Task description = Each line of the data below goes into the copy exactly; pictures do not.

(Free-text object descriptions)

════════

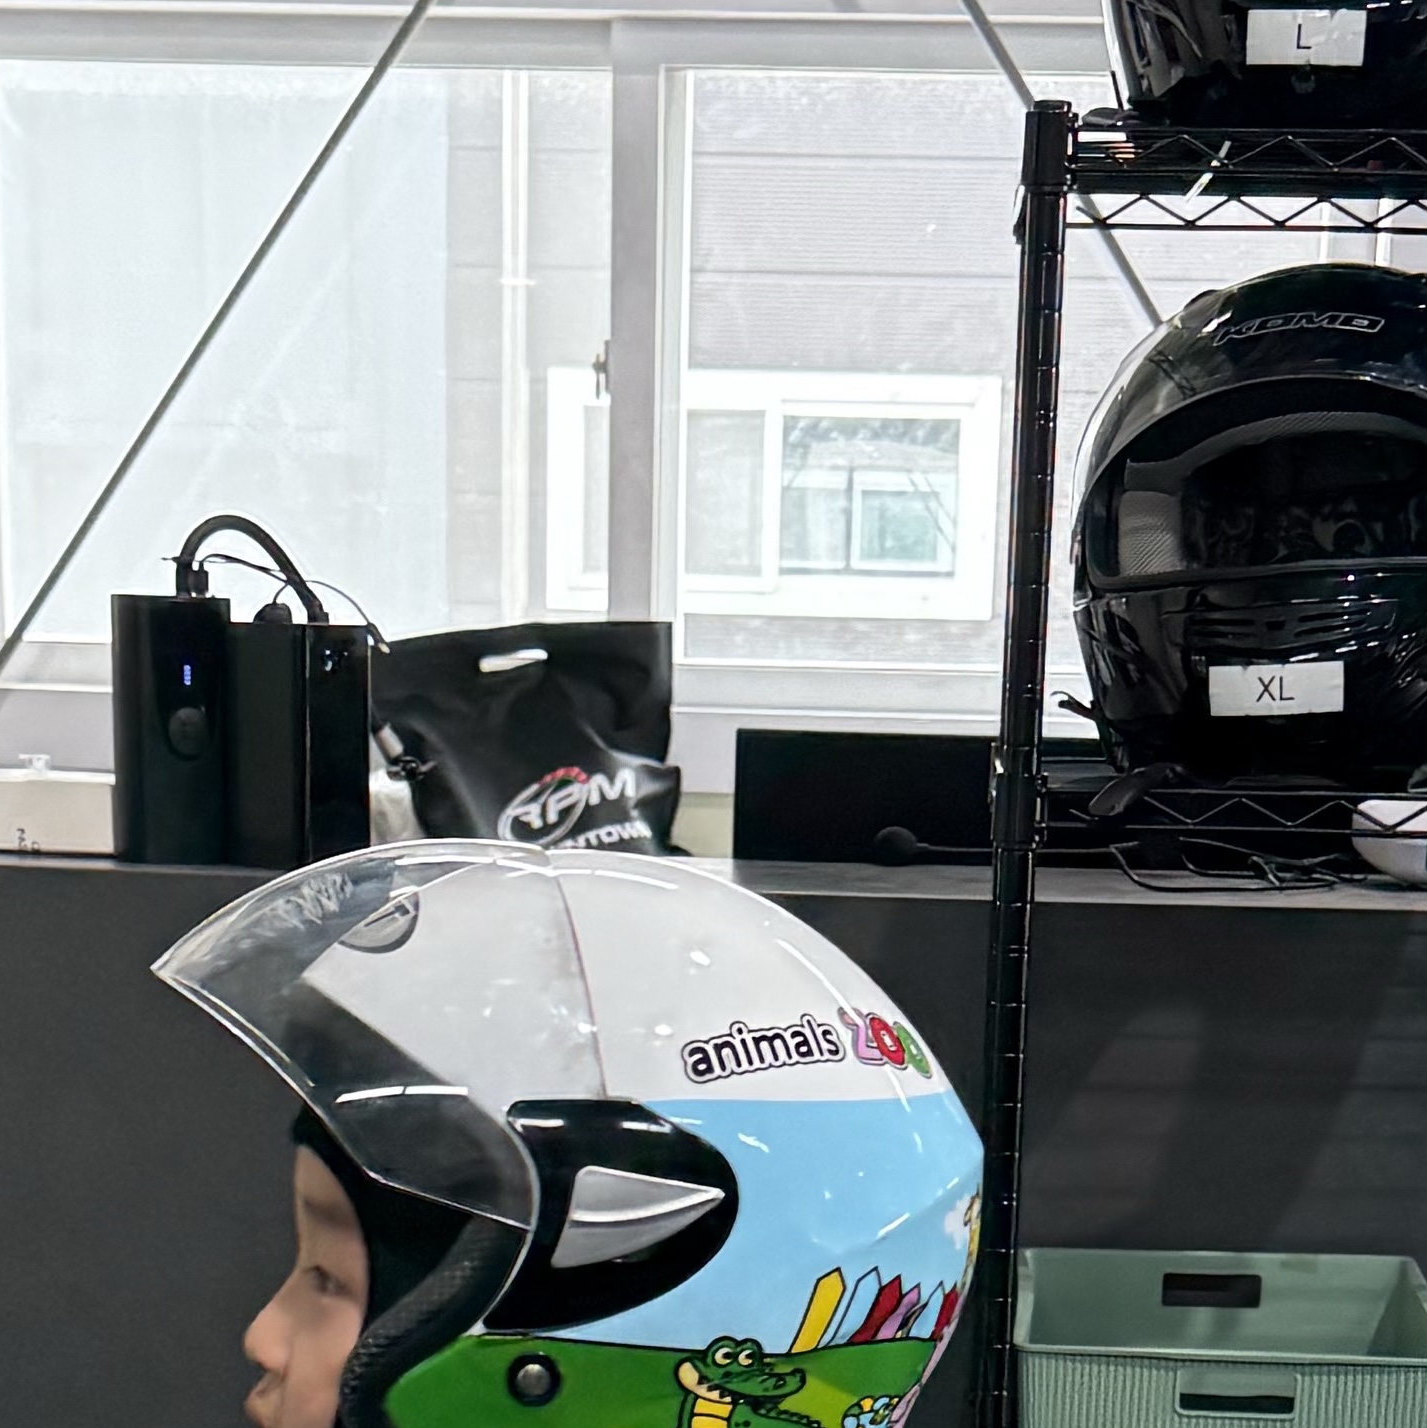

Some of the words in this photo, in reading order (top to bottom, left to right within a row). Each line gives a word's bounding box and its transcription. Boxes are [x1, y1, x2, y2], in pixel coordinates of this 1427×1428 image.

[1296, 23, 1313, 49] L
[1213, 311, 1385, 346] KOMO
[1255, 675, 1295, 703] XL
[502, 767, 637, 832] RPM
[681, 1013, 846, 1083] animals

════════

Task result =
Some of the words in this photo, in reading order (top to bottom, left to right within a row). Each line gives a word's bounding box and its transcription. Boxes are [x1, y1, x2, y2], in pixel coordinates of this 1427×1428 image.

[1296, 23, 1313, 49] L
[1213, 311, 1385, 346] KOMO
[1255, 675, 1295, 703] XL
[502, 767, 637, 832] RPM
[681, 1013, 846, 1083] animals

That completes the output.